THE TASK: Your output should be the complete listing, repeated exactly.

RAW DATA:
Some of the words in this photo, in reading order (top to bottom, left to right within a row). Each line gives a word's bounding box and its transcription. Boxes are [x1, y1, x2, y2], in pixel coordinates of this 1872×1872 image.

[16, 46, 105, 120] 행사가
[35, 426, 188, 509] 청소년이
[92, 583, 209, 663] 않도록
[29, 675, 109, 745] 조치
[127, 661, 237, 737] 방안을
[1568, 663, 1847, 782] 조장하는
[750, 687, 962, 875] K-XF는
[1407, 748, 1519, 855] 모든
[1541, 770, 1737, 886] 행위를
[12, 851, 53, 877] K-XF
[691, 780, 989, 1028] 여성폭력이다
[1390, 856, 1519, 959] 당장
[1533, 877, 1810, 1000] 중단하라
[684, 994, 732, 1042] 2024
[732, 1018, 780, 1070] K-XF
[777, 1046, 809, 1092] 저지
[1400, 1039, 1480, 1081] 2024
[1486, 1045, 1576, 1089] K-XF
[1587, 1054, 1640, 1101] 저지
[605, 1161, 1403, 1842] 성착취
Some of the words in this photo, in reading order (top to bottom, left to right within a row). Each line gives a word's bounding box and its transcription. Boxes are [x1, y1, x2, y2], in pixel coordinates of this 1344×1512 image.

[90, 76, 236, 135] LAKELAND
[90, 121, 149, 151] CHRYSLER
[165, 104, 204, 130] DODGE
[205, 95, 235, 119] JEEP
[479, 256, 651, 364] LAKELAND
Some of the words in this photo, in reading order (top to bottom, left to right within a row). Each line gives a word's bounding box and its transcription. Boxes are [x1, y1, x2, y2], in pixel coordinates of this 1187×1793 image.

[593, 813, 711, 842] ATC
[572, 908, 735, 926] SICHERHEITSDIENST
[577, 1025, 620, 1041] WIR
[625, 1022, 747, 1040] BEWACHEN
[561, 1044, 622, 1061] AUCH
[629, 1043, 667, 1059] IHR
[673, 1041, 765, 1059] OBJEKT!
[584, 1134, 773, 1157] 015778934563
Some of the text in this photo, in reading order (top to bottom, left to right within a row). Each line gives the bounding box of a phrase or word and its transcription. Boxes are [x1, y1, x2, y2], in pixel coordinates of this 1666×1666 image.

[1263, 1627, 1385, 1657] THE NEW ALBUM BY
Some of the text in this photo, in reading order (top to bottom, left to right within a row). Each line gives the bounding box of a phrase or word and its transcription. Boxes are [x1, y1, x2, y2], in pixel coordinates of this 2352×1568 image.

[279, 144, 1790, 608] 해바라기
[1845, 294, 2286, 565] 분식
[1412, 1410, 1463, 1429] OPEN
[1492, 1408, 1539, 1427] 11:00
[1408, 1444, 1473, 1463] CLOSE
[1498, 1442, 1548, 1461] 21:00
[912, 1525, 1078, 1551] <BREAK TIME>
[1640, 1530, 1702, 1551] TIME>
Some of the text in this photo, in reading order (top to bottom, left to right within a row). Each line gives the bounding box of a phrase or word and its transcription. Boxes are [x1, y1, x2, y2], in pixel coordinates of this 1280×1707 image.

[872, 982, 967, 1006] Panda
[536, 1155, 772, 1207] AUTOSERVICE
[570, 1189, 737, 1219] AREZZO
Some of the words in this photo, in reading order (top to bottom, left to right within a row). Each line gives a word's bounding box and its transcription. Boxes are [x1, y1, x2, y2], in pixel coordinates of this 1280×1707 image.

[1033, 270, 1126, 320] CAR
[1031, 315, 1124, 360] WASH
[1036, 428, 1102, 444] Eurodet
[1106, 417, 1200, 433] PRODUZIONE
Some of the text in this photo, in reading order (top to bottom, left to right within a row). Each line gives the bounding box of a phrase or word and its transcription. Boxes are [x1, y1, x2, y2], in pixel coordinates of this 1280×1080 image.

WRITTEN SOLUTION:
Some of the words in this photo, in reading order (top to bottom, left to right within a row). Each line gives a word's bounding box and its transcription. Boxes are [x1, y1, x2, y2], in pixel coordinates of this 1872×1872 image.

[16, 46, 105, 120] 행사가
[35, 426, 188, 509] 청소년이
[92, 583, 209, 663] 않도록
[29, 675, 109, 745] 조치
[127, 661, 237, 737] 방안을
[1568, 663, 1847, 782] 조장하는
[750, 687, 962, 875] K-XF는
[1407, 748, 1519, 855] 모든
[1541, 770, 1737, 886] 행위를
[12, 851, 53, 877] K-XF
[691, 780, 989, 1028] 여성폭력이다
[1390, 856, 1519, 959] 당장
[1533, 877, 1810, 1000] 중단하라
[684, 994, 732, 1042] 2024
[732, 1018, 780, 1070] K-XF
[777, 1046, 809, 1092] 저지
[1400, 1039, 1480, 1081] 2024
[1486, 1045, 1576, 1089] K-XF
[1587, 1054, 1640, 1101] 저지
[605, 1161, 1403, 1842] 성착취
Some of the words in this photo, in reading order (top to bottom, left to right within a row). Each line gives a word's bounding box and its transcription. Boxes are [x1, y1, x2, y2], in pixel coordinates of this 1344×1512 image.

[90, 76, 236, 135] LAKELAND
[90, 121, 149, 151] CHRYSLER
[165, 104, 204, 130] DODGE
[205, 95, 235, 119] JEEP
[479, 256, 651, 364] LAKELAND
Some of the words in this photo, in reading order (top to bottom, left to right within a row). Each line gives a word's bounding box and its transcription. Boxes are [x1, y1, x2, y2], in pixel coordinates of this 1187×1793 image.

[593, 813, 711, 842] ATC
[572, 908, 735, 926] SICHERHEITSDIENST
[577, 1025, 620, 1041] WIR
[625, 1022, 747, 1040] BEWACHEN
[561, 1044, 622, 1061] AUCH
[629, 1043, 667, 1059] IHR
[673, 1041, 765, 1059] OBJEKT!
[584, 1134, 773, 1157] 015778934563
Some of the text in this photo, in reading order (top to bottom, left to right within a row). Each line gives the bounding box of a phrase or word and its transcription. Boxes are [x1, y1, x2, y2], in pixel coordinates of this 1666×1666 image.

[1263, 1627, 1385, 1657] THE NEW ALBUM BY
Some of the text in this photo, in reading order (top to bottom, left to right within a row). Each line gives the bounding box of a phrase or word and its transcription. Boxes are [x1, y1, x2, y2], in pixel coordinates of this 2352×1568 image.

[279, 144, 1790, 608] 해바라기
[1845, 294, 2286, 565] 분식
[1412, 1410, 1463, 1429] OPEN
[1492, 1408, 1539, 1427] 11:00
[1408, 1444, 1473, 1463] CLOSE
[1498, 1442, 1548, 1461] 21:00
[912, 1525, 1078, 1551] <BREAK TIME>
[1640, 1530, 1702, 1551] TIME>
Some of the text in this photo, in reading order (top to bottom, left to right within a row). Each line gives the bounding box of a phrase or word and its transcription. Boxes are [x1, y1, x2, y2], in pixel coordinates of this 1280×1707 image.

[872, 982, 967, 1006] Panda
[536, 1155, 772, 1207] AUTOSERVICE
[570, 1189, 737, 1219] AREZZO
Some of the words in this photo, in reading order (top to bottom, left to right within a row). Each line gives a word's bounding box and its transcription. Boxes are [x1, y1, x2, y2], in pixel coordinates of this 1280×1707 image.

[1033, 270, 1126, 320] CAR
[1031, 315, 1124, 360] WASH
[1036, 428, 1102, 444] Eurodet
[1106, 417, 1200, 433] PRODUZIONE
Some of the text in this photo, in reading order (top to bottom, left to right within a row). Each line gives the bounding box of a phrase or word and its transcription. Boxes are [x1, y1, x2, y2], in pixel coordinates of this 1280×1080 image.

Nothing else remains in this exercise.